Introduction

EPiServer CMS 6 supports rewriting of incoming and outgoing URLs. This is the mechanism behind friendly URLs where a visible link is rewritten to something more intuitive and user friendly than is usually the case.

The friendly URL functionality is just one small (but powerful) example of what can be done by hooking into the rewriting pipe. What if we, for example, wanted a mechanism that checks all HTML for links, tests these links to see that they are valid and then formats broken links so it is immediately evident on the page?

The following guide will provide such an example. Since it can quickly kill performance if we had this feature switched on in every page we are going to create a right-click option to turn this off/on. Clicking the menu option will trigger events through the use of a registered Javascript in the static PageSetup method.

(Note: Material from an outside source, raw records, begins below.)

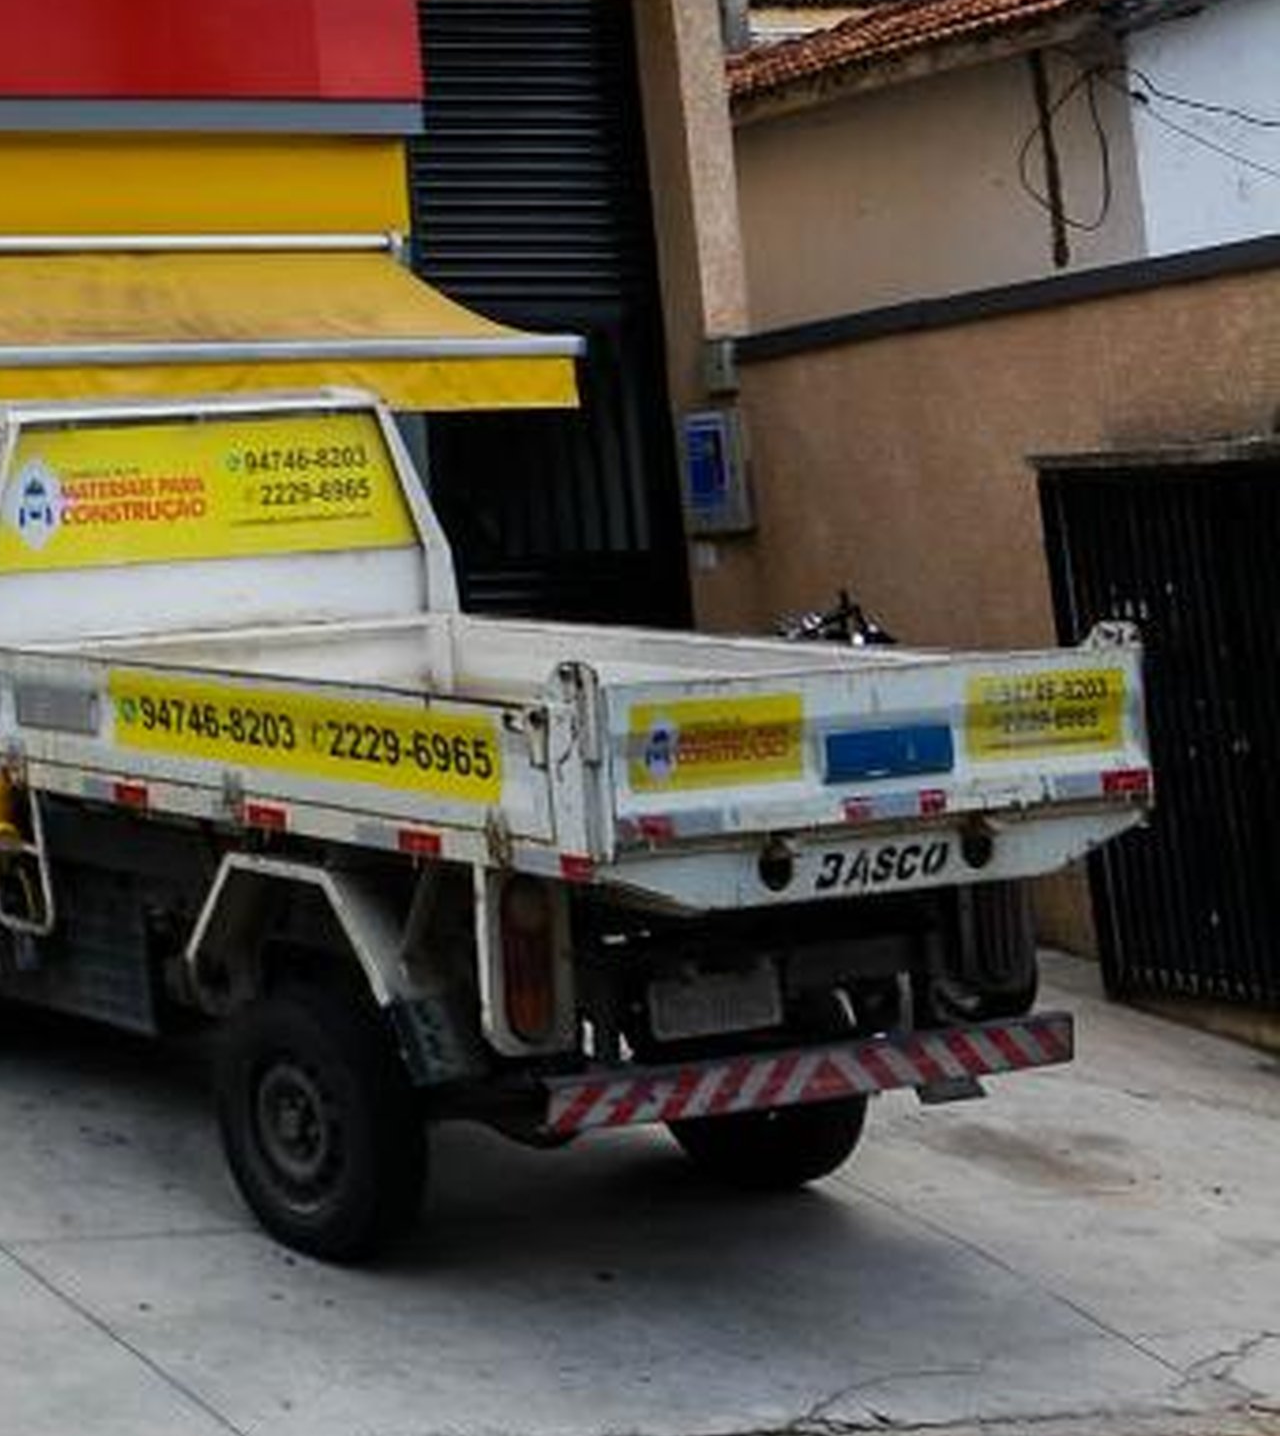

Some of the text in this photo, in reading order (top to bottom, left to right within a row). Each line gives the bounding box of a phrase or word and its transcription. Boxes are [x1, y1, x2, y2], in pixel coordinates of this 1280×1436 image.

[244, 444, 368, 474] 94746-8203
[59, 477, 155, 500] MATERIAIS
[259, 477, 372, 507] 2229-6965
[59, 496, 207, 527] CONSTRUÇÃO
[139, 696, 494, 781] 94746-8203 2229-6965

This sample uses static methods and objects which means that if activated, it will be activated for all visitors on the site. To use this in a live scenario it is advisable to rewrite the code to only be activated for the current user.

Sample Markup

To start things off we create a basic .aspx page and add some text and two links, one if which will be broken.

Copy 
<%@ Page language="c#" Inherits="EPiServerDemo.Default" Codebehind="Default.aspx.cs" AutoEventWireup="true"%>

<html xmlns="http://www.w3.org/1999/xhtml">
<head id="head1" runat="server">
    <title>Sample</title>
</head>
<body>
    <form runat="server" id="form1">
    <div>
    <p>
        A body with text containing numerous links. Some of these links are valid and some are broken.
    </p>
    <p>
        All broken links will be printed with red font color. Hovering the mouse over a broken link
        will produce a tooltip containing the error mesage received by the HttpRequest used to test 
        the link.<br />
        For example: this link to <a href="http://www.aftonbladet.se">Aftonbladet</a> 
        is correct (http://www.aftonbladet.se), while this link to a 
        <a href="http://www.ttttddfhdfh.se/">non existing site</a> is not (http://www.ttttddfhdfh.se/).
    </p>
    <p>
        You can enable or disable this feature by setting enableCheckLinks to true/false.
        or by using the right-click menu.
    </p>
    <p>
        To tweak performance and accuracy you can use the <b>checkLinkTimeout</b> setting in 
        web.config. The timeout value will default to 1000ms (one second).
    </p>

    <p>
        You need to be logged in to EPiServer for this functionality to take effect.
    </p>    
    </div>
    </form>
</body>
</html>

In this sample we are using a project and namespace called EPiServerCMS5, the page is default.aspx and the code-behind, of course, is default.aspx.cs.

Web.config settings

To start things off we will want the bad-link-checking functionality to be optional so we add an appsetting to web.config.

Copy 
<appSettings>
    <add key="enableCheckLinks" value="true" />
</appSettings>

The timeout value when testing links will default to 1000 milliseconds (one second). To improve performance (with the risk of having slow sites being returned as broken) you can change the value of checkLinksTimeout in web.config.

Copy 
<appSettings>
    <add key="checkLinkTimeout" value="5000" />
</appSettings>

The Code

To create the rewriting functionality we add a new class to our solution. Right-click your solution and choose Add New Item... On the Visual C# tab, choose Class and name it LinkChecker.cs.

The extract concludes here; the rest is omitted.